VA deployed its new EHR system in Spokane, Wash., on Oct. 24, 2020, with no open critical severity test findings and with 306 of the 361 high-severity test findings closed. Of the 55 remaining, 47 had workarounds that were accepted by the user community, seven were associated with future deployments, and one had a solution identified at the time of initial deployment. VA’s actions reflect implementation of GAO’s October recommendations, the report said.
Nevertheless, as the department moves forward with deployment of additional capabilities at new locations, VA will likely identify new critical and high-severity test findings, the GAO report said, noting that If VA does not close or appropriately address all critical and high-severity test findings prior to deploying at future locations, the system may not perform as intended.
VA is planning its next system deployment at the Puget Sound Health Care System in the fourth quarter of fiscal year 2021. Testing of additional capabilities prior to that and other future deployments will likely result in the identification of new issues. If VA does not address the 55 open high-severity test findings and any additional critical severity or high-severity test findings identified prior to future deployments, the system may not perform as intended and may negatively impact the likelihood of its successful adoption by users, GAO said.
The GAO recommended that the Secretary of VA should direct the Executive Director of the Office of Electronic Health Record Modernization to postpone deployment of the new EHR in new locations until all existing open critical severity test findings are resolved and closed, and until any additional critical severity findings identified before planned deployment are closed.

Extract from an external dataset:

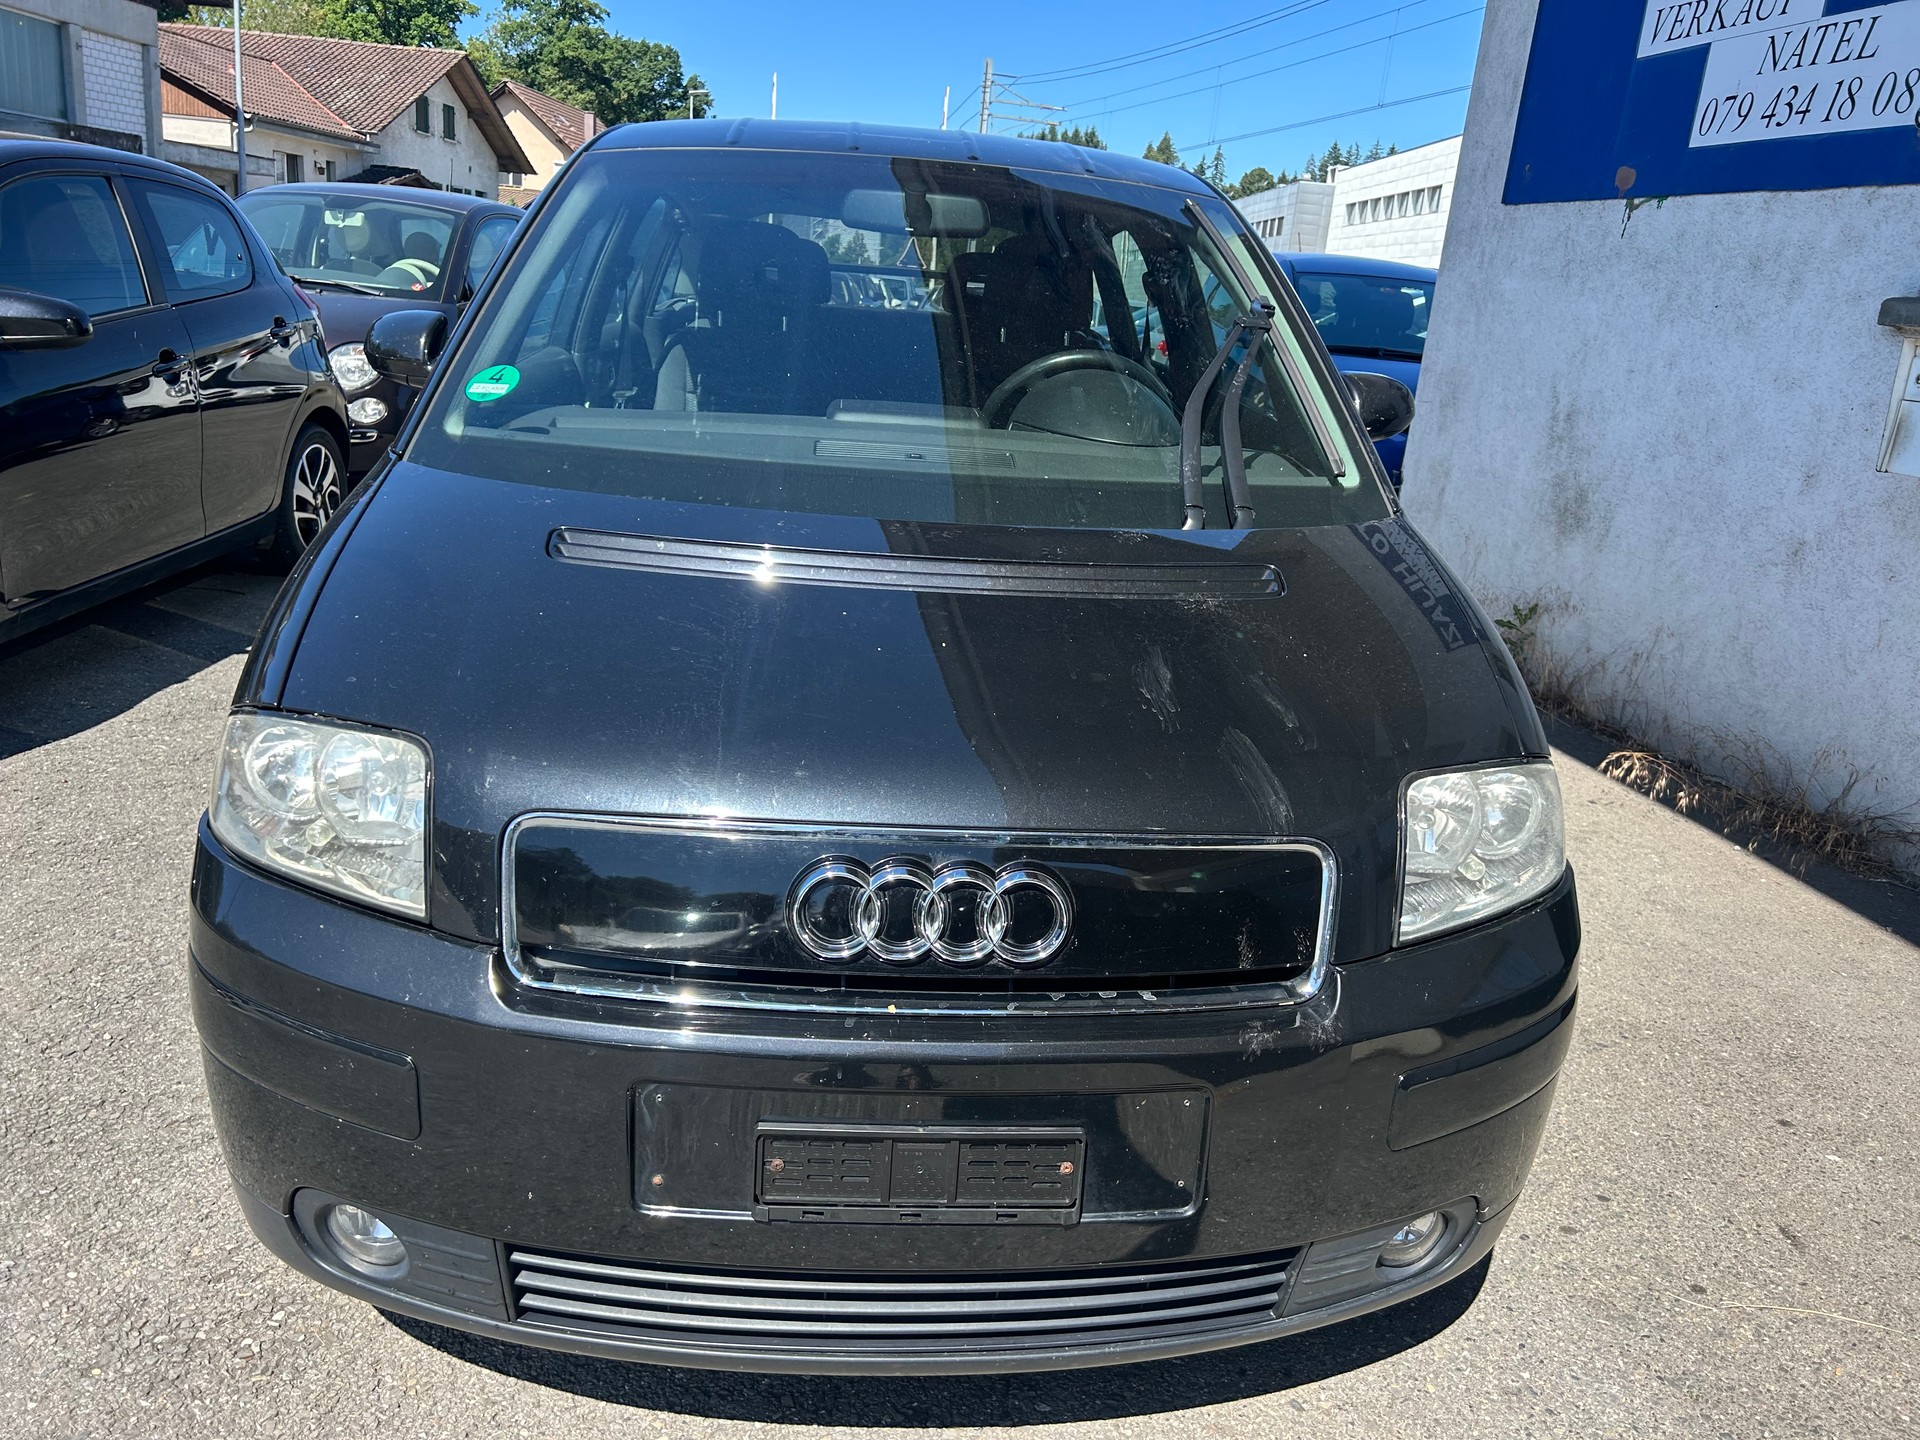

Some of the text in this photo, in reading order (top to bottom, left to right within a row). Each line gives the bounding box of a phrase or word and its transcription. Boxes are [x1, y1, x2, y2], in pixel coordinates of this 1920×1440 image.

In the VA’s written comments on a draft of the GAO report, the department said it concurred in principle with the recommendations to resolve and close critical severity and high-severity test findings prior to future EHR deployments; it also described actions it plans to take to address the recommendations. Specifically, VA stated that it plans to continue to test and appropriately adjudicate all critical severity and high-severity test findings prior to future deployments. The department added that it planned to resolve and close all critical severity and high-severity test findings by January 2022.